ACTION ITEM: An exact transcription of every entry is required. Images are not part of it.

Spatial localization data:
○ ○ ○ ○ ○ ○ ○
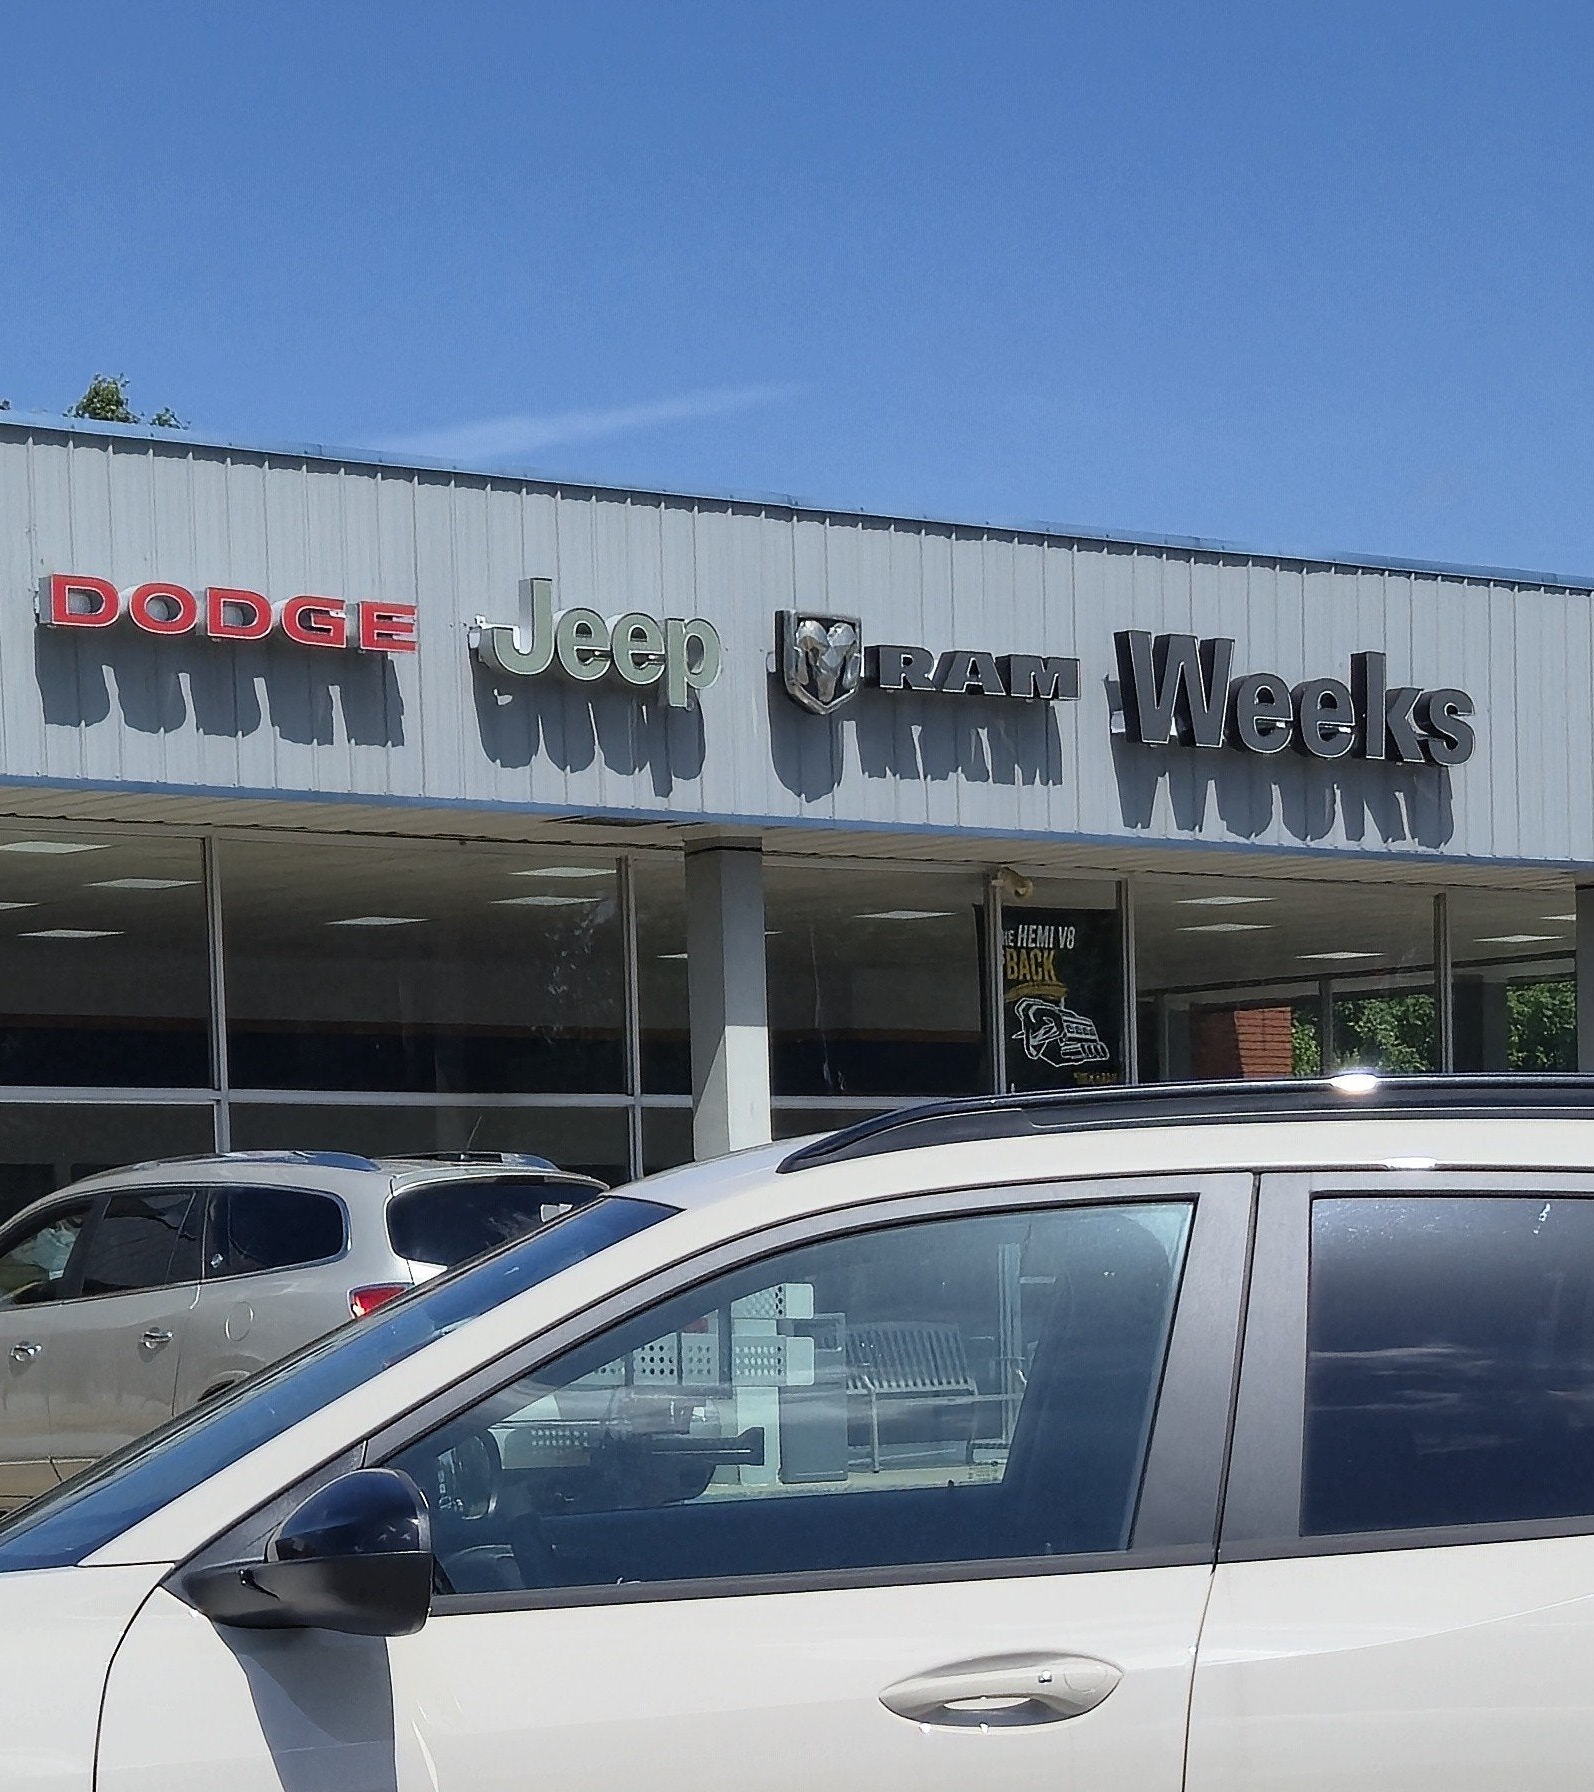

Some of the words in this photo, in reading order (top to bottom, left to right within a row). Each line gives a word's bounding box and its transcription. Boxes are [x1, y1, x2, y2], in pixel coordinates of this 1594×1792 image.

[45, 573, 418, 654] DODGE
[480, 577, 722, 708] Jeep
[865, 645, 1081, 700] RAM
[1113, 629, 1476, 766] Weeks
[1005, 948, 1057, 982] BACK
[1017, 924, 1055, 949] HEMI
[1058, 926, 1076, 950] V8
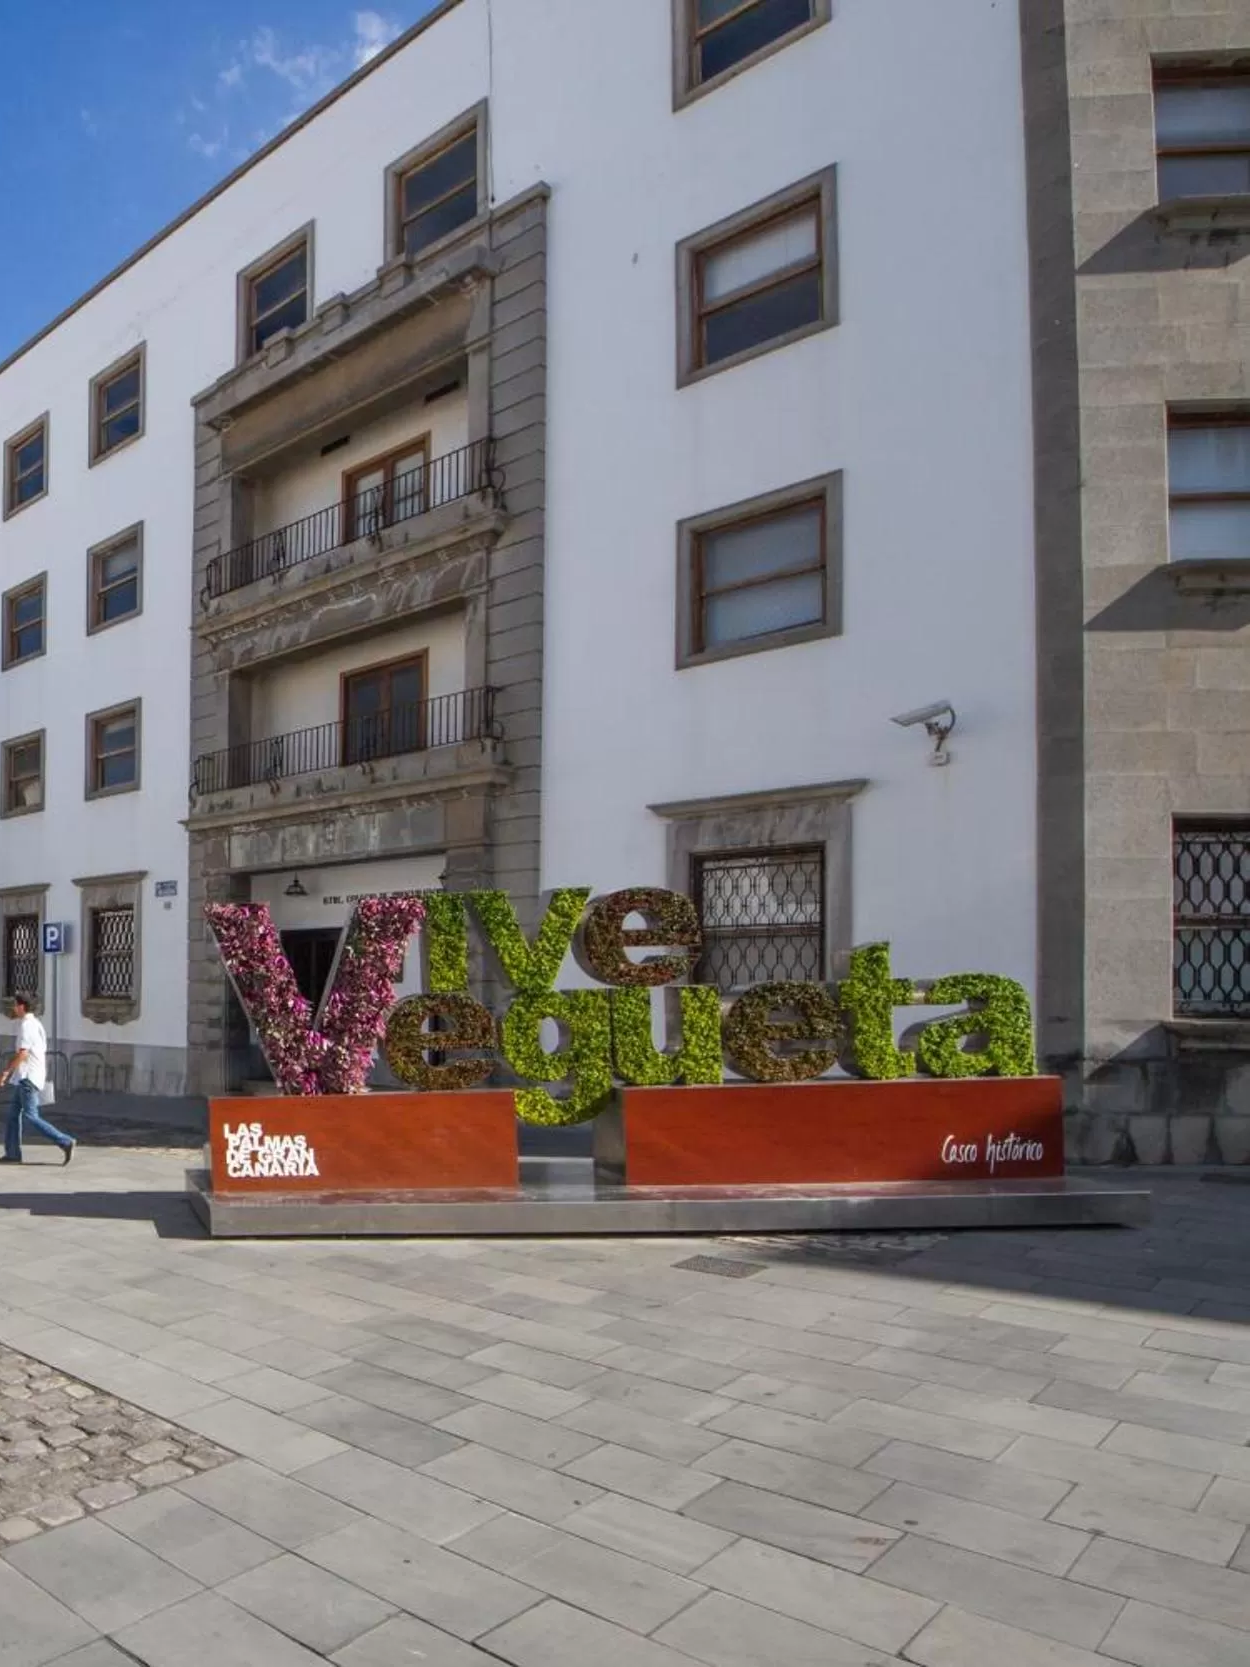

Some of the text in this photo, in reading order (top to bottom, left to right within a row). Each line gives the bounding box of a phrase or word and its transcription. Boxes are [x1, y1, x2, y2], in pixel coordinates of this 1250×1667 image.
○ ○ ○ ○ ○ ○ ○
RESPONSE TO THIS TASK:
Some of the words in this photo, in reading order (top to bottom, left to right within a row). Each line gives a word's bounding box and its transcription. Boxes are [x1, y1, x2, y2], in pixel coordinates of this 1594×1792 image.

[45, 573, 418, 654] DODGE
[480, 577, 722, 708] Jeep
[865, 645, 1081, 700] RAM
[1113, 629, 1476, 766] Weeks
[1005, 948, 1057, 982] BACK
[1017, 924, 1055, 949] HEMI
[1058, 926, 1076, 950] V8

Some of the text in this photo, in reading order (top to bottom, left to right within a row). Each line gives the bounding box of a phrase or word and its transcription. Boxes are [x1, y1, x2, y2], in pixel coordinates of this 1250×1667 image.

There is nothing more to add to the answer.